Emely is an inspiring Senior from Bushwick who spoke at our Brilliant Minds Benefit last Thursday! She interns at Columbia University, plays volleyball, and wants to go into the medical field.
Q: What do you like most about Minds Matter?
Emely: There are three things. First, the mentors you’re paired with. These are amazing people that help you become a better writer, person, and eventually, candidate for college. Second are the opportunities: through Minds Matter, I’ve started interning at Columbia University doing biomedical research, and I had the opportunity to go abroad this summer. This kind of opportunity is not so common among people in my community; sometimes it just feels surreal. Third, it gives you a second family. You spend almost all your high school years working with your team of mentors and you create a strong bond with them.
Q: Where did you go for your Summer Program? What did you learn?
Emely: After my Sophomore year, I went to Philips Academy in Andover. It’s a five-week academic enrichment program held at a boarding school; you get to choose your own classes and play sports as well. I took chemistry and speech and debate. It was just amazing. The best part was being able to interact with people from every corner of the world. The girls I hung out with were from Brazil and Spain, but we were able to be friends and we still talk to this day.

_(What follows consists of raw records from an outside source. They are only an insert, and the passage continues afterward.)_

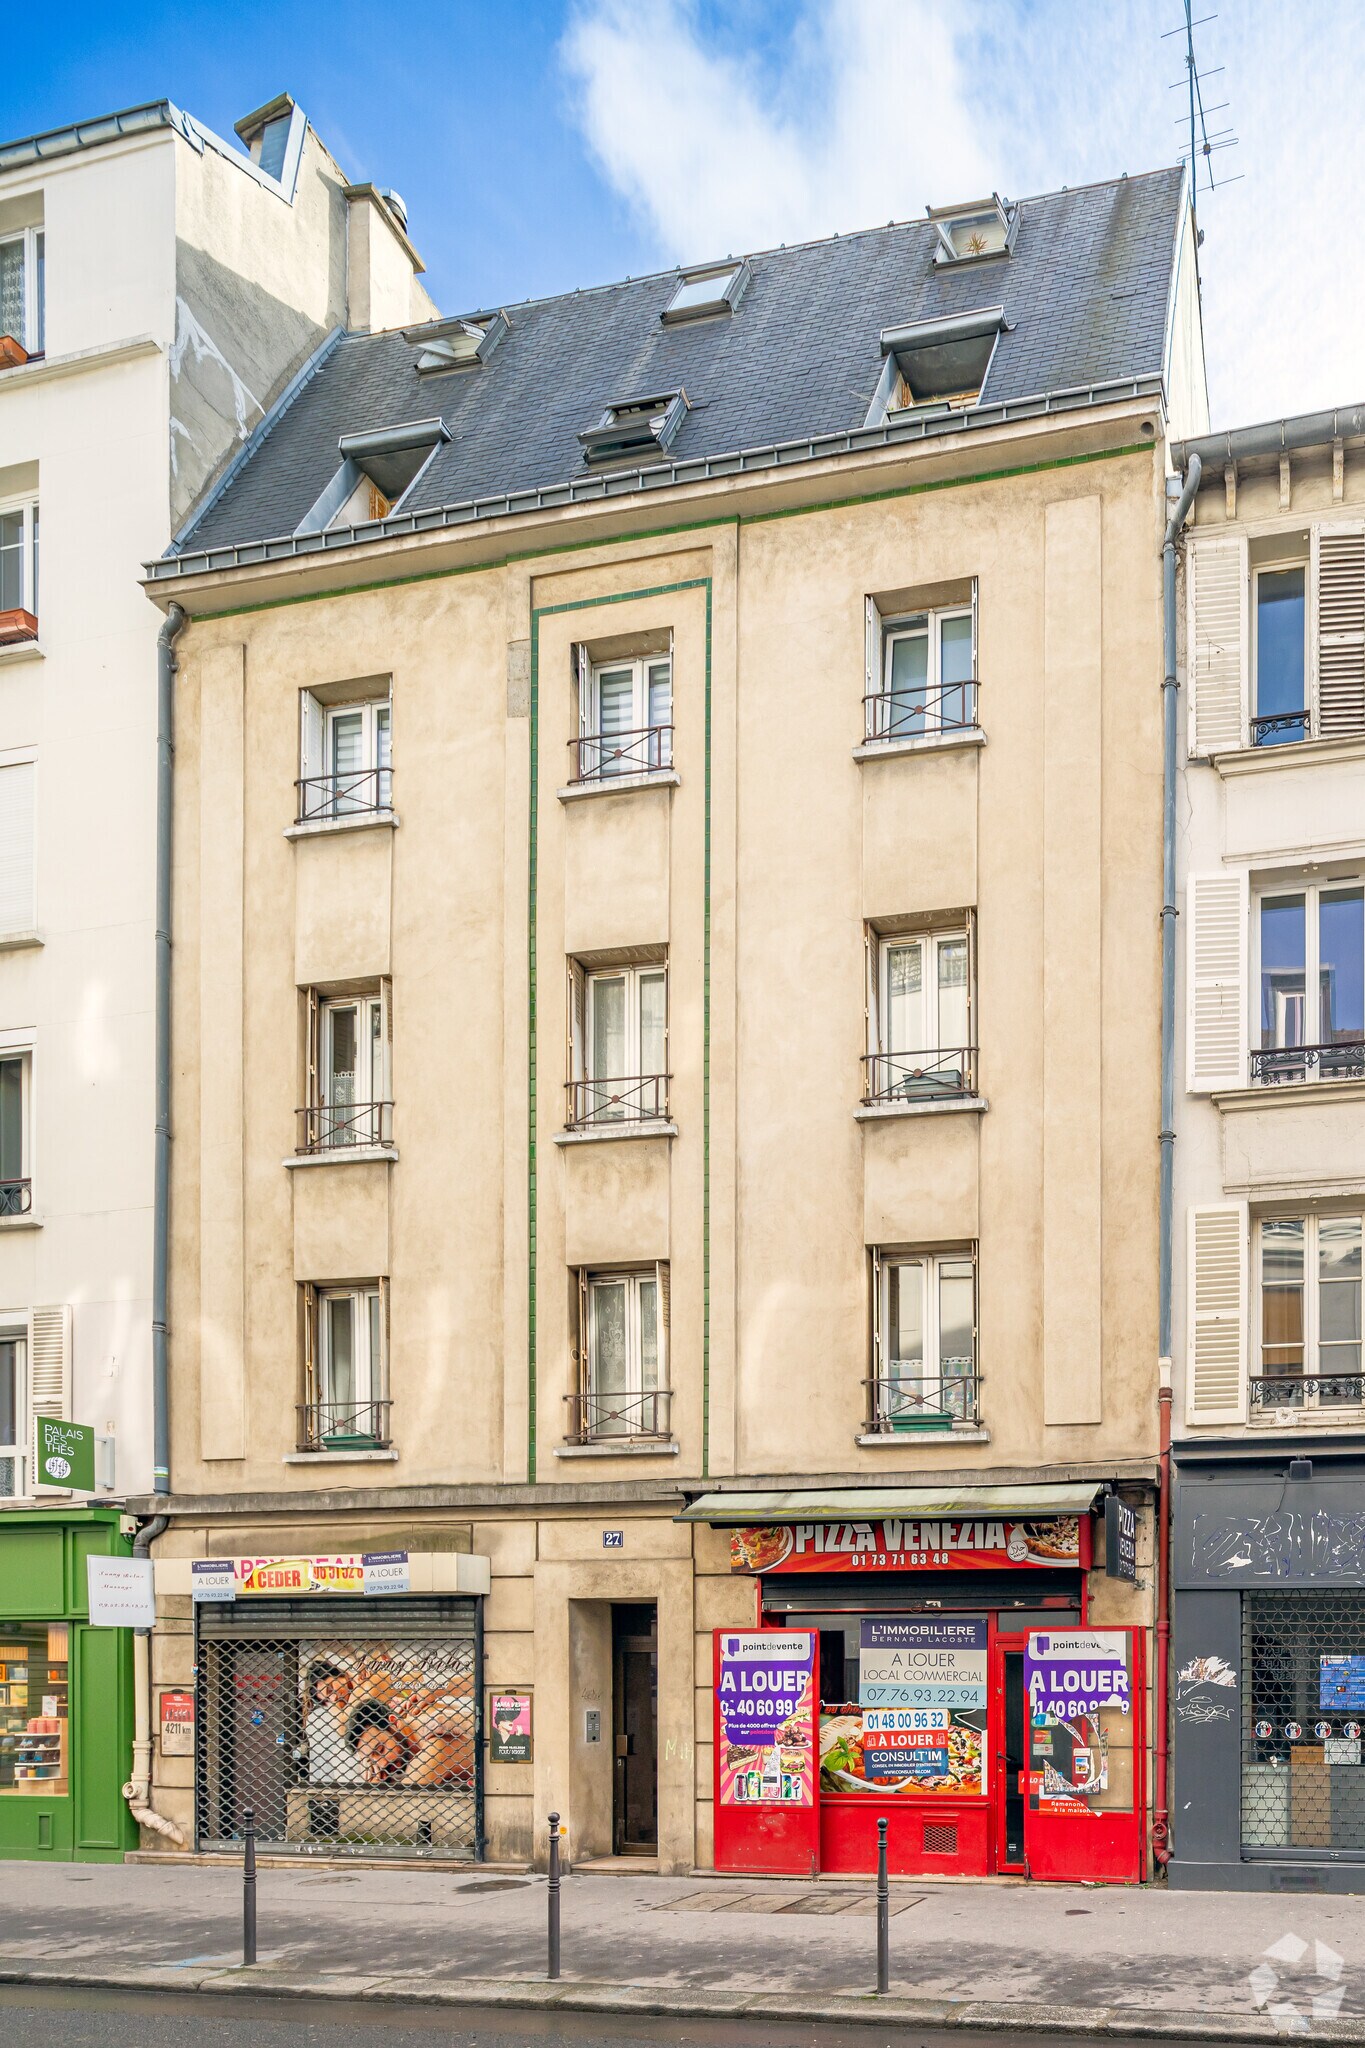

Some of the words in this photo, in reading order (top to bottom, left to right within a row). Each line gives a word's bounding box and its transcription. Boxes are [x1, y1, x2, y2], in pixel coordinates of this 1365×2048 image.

[45, 1424, 84, 1441] PALAIS
[45, 1433, 67, 1446] DES
[1118, 1504, 1135, 1539] PIZZA
[605, 1533, 620, 1545] 27
[795, 1523, 877, 1553] PIZZA
[882, 1519, 1007, 1551] VENEZIA
[852, 1554, 866, 1566] 01
[872, 1553, 886, 1566] 73
[892, 1553, 905, 1565] 71
[911, 1553, 927, 1565] 63
[933, 1552, 949, 1564] 48
[257, 1570, 301, 1588] CEDER
[369, 1570, 376, 1578] A
[377, 1567, 403, 1578] LOUER
[197, 1577, 204, 1585] A
[205, 1577, 229, 1585] LOUER
[871, 1625, 976, 1636] L'IMMOBILIERE
[871, 1635, 923, 1643] BERNARD
[743, 1642, 803, 1653] pointdevente
[891, 1653, 903, 1667] A
[908, 1653, 956, 1667] LOUER
[720, 1671, 737, 1692] A
[740, 1670, 810, 1692] LOUER
[863, 1669, 900, 1681] LOCAL
[903, 1670, 983, 1682] COMMERCIAL
[1028, 1670, 1046, 1693] A
[1050, 1669, 1129, 1693] LOUER
[866, 1688, 979, 1703] 07.76.93.22.94
[736, 1699, 755, 1716] 40
[756, 1699, 774, 1716] 60
[775, 1699, 793, 1716] 99
[1067, 1700, 1087, 1717] 60
[867, 1714, 879, 1729] 01
[882, 1713, 895, 1729] 48
[897, 1713, 911, 1728] 00
[914, 1712, 928, 1728] 96
[930, 1711, 944, 1727] 32
[165, 1723, 181, 1734] 4211
[182, 1726, 192, 1734] km
[878, 1733, 887, 1747] À
[890, 1734, 934, 1747] LOUER
[871, 1750, 942, 1763] CONSULT'IM

Q: What would you tell a freshman who was interested in applying for Minds Matter?
Emely: Although it may sound like waking up on a Saturday to go to school is a lot of work, I believe that hard work pays off, and if you want to go somewhere and want to be somebody in life, then you have to work towards it. Right now, education is really important in our lives, and getting into college is really big – as our schools and parents are always reminding us. Getting into Minds Matter can open doors and help you become the person you ultimately want to be.
Q: Where is your favorite place in NYC? Why?

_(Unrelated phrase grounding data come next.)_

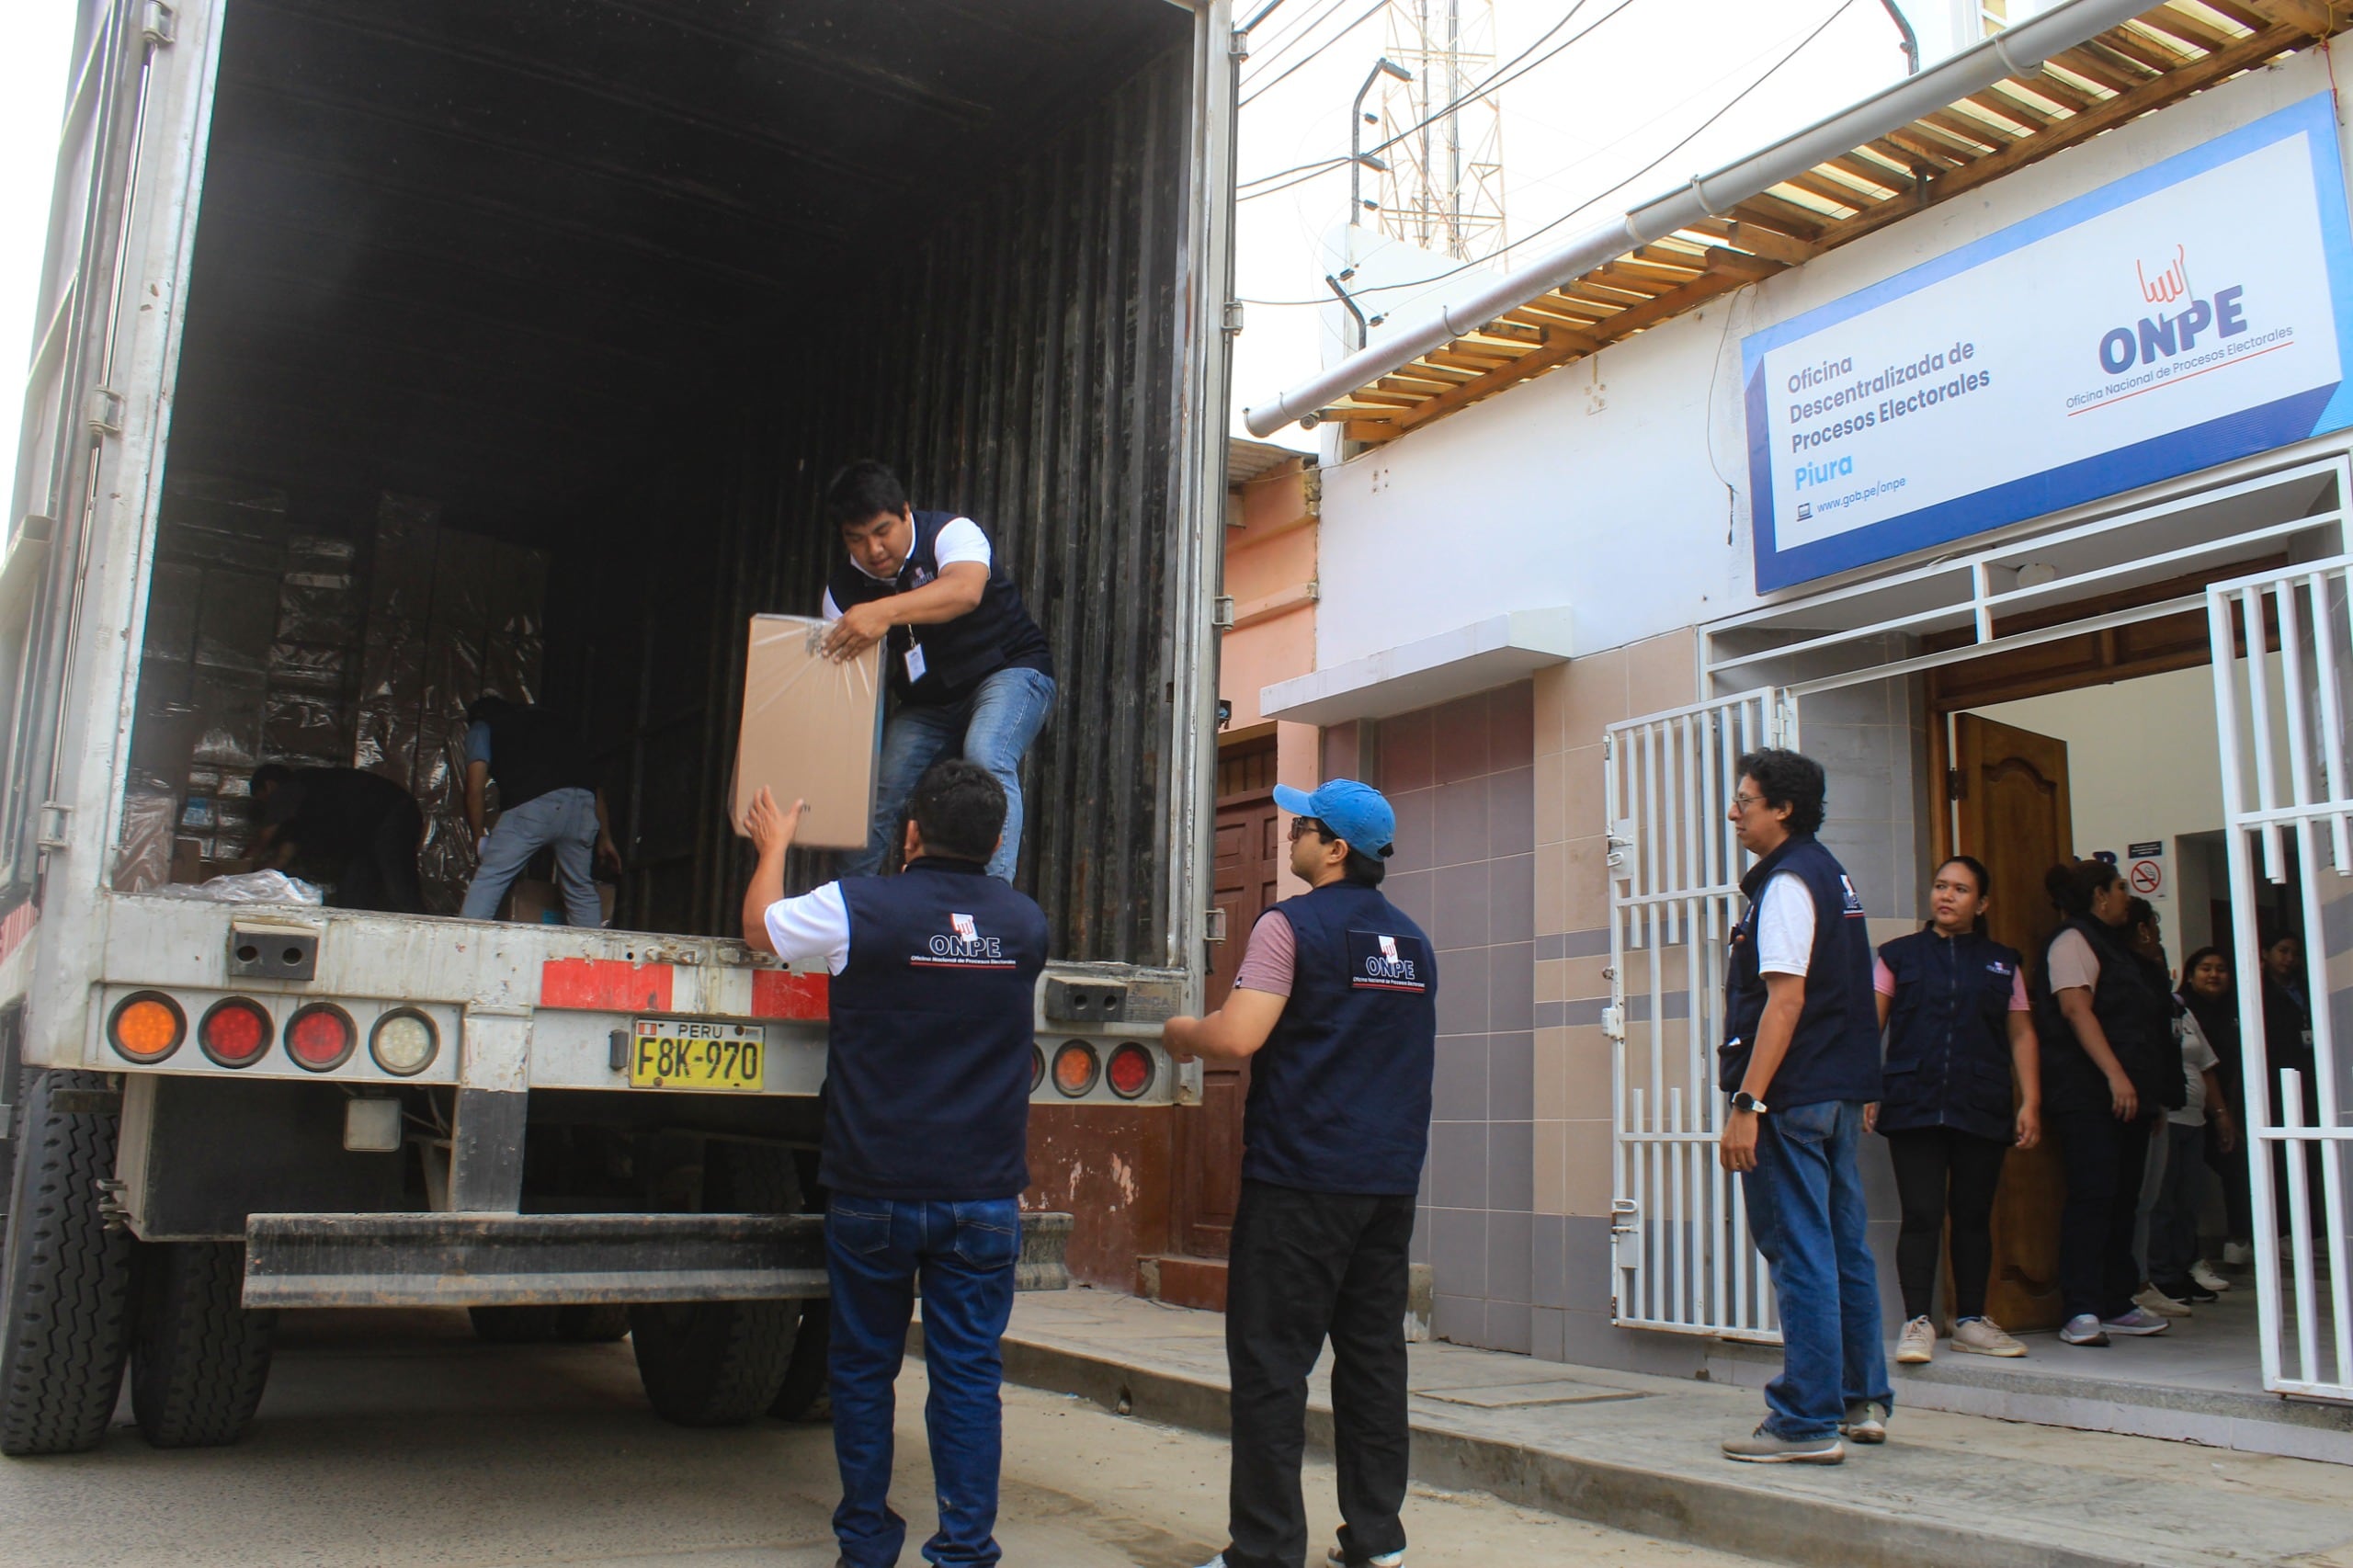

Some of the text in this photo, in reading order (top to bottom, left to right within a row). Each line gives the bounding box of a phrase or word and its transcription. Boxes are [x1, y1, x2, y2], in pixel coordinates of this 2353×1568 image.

[2098, 284, 2248, 375] ONPE
[1788, 357, 1852, 393] Oficina
[1790, 341, 1975, 424] Descentralizada de
[2065, 325, 2294, 409] Oficina Nacional de Procesos Electorales
[1791, 369, 1991, 454] Procesos Electorales
[1794, 455, 1853, 491] Piura
[1816, 476, 1907, 513] www.gob.pe/onpe
[929, 935, 1002, 958] ONPE
[1365, 956, 1415, 980] ONPE
[678, 1024, 723, 1039] PERU
[638, 1037, 758, 1080] F8K-970

Emely: Brooklyn, and more specifically, Bushwick. It was the first place I lived after moving to the United States from the Dominican Republic, and I learned a lot about my culture there, and a lot about other cultures. It’s the place I was raised and learned how to speak English, and I know it inside and out. And even though there’s all this change happening in the borough, Bushwick has maintained its urban atmosphere. We are also experiencing change, but overall, people embrace Bushwick for what it is.
Q: What do you do when you’re not in school?

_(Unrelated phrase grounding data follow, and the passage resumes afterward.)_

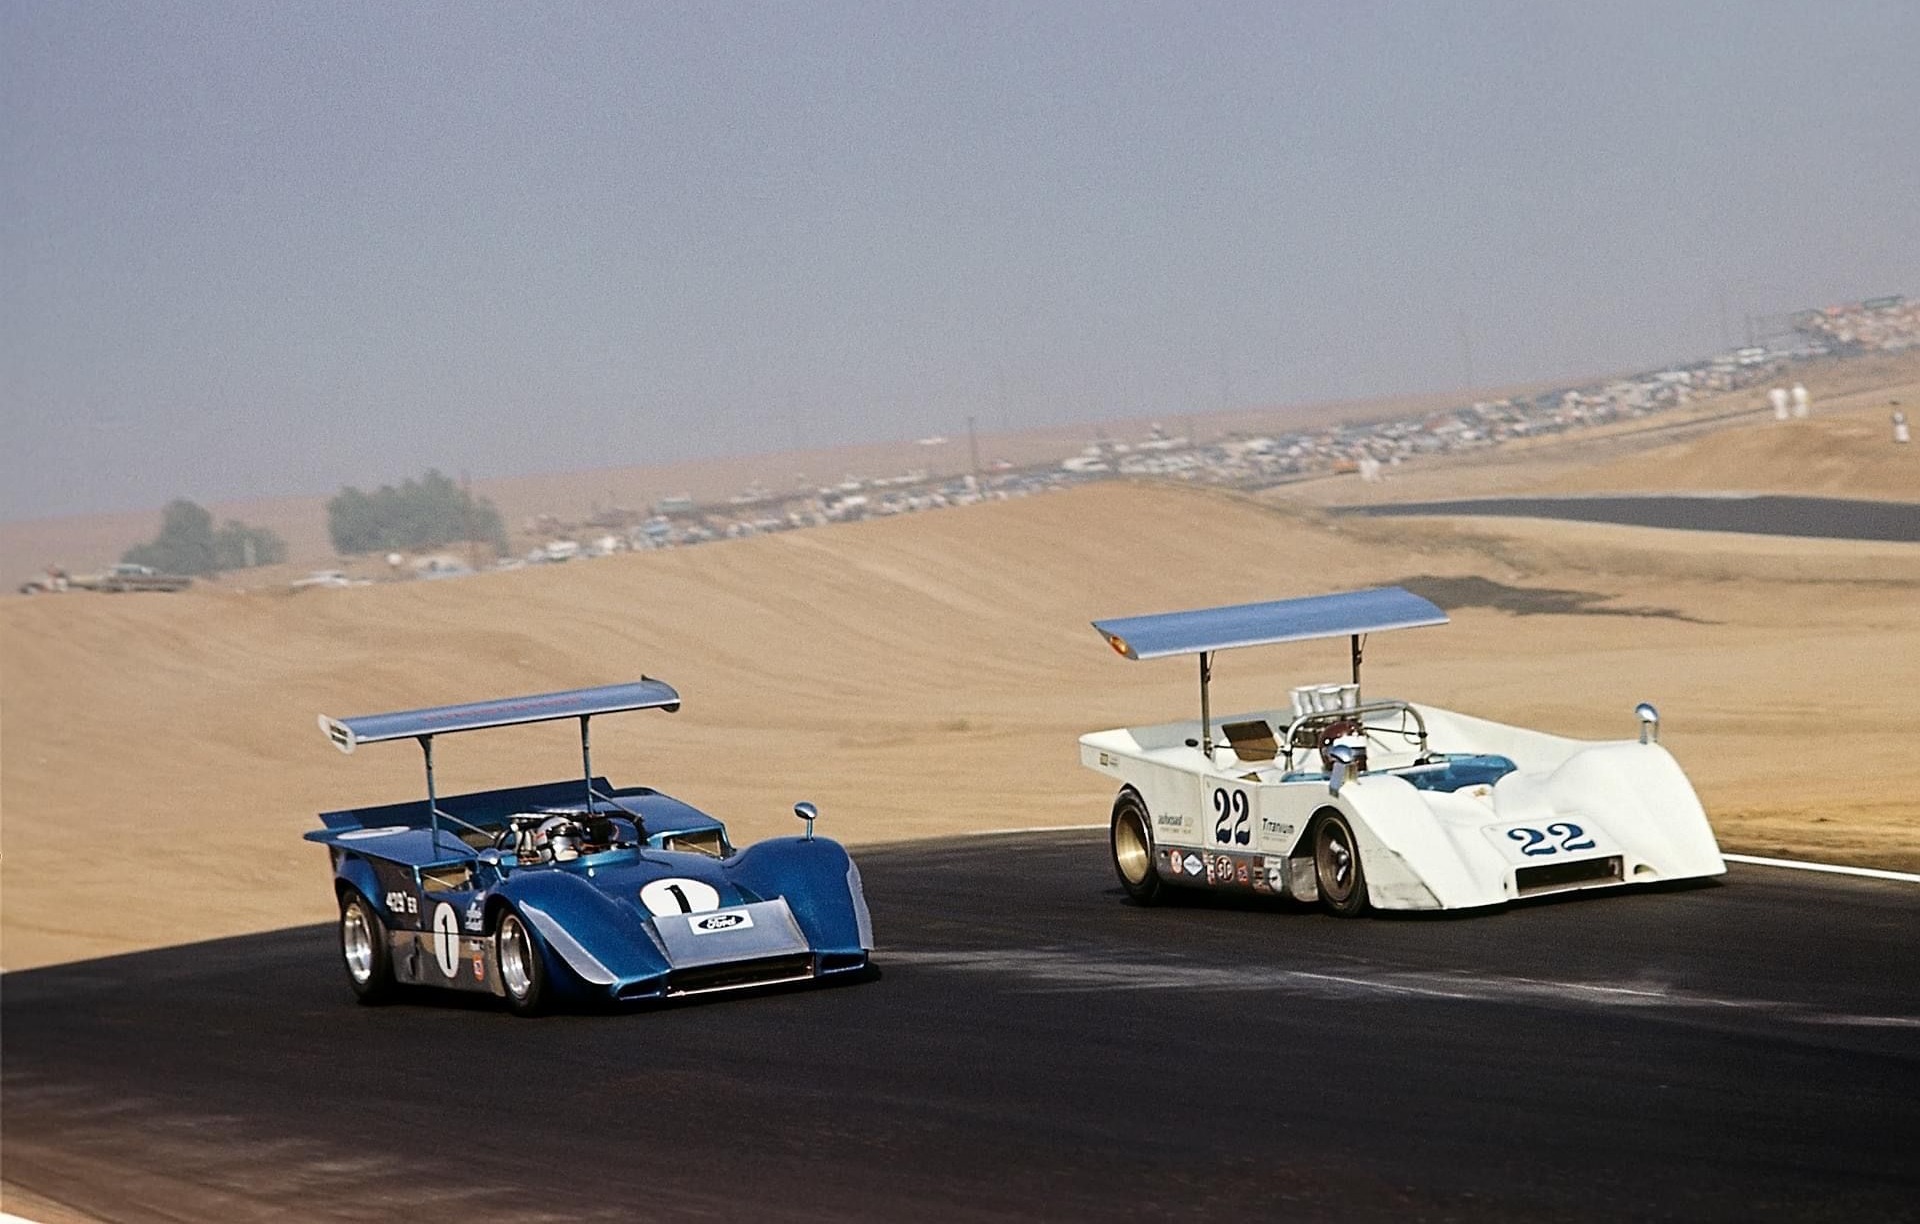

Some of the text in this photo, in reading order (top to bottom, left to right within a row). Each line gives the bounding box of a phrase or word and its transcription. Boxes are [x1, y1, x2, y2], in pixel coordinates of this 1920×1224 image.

[1213, 787, 1251, 846] 22
[1507, 823, 1596, 856] 22
[663, 884, 693, 914] 1
[706, 914, 738, 930] Ford
[441, 914, 452, 970] 1

Emely: When not in school, I’m usually interning at Columbia or playing sports. I play volleyball and basketball for my school and softball for a league, where I play shortstop and I pitch. At Columbia, I intern on Tuesdays and Wednesdays with a geneticist who’s in grad school focusing on the nervous system. I go right after school and I’m usually there until 7:30 p.m. I want to be a doctor someday, but now I’m torn between pursuing a medical career and going into research.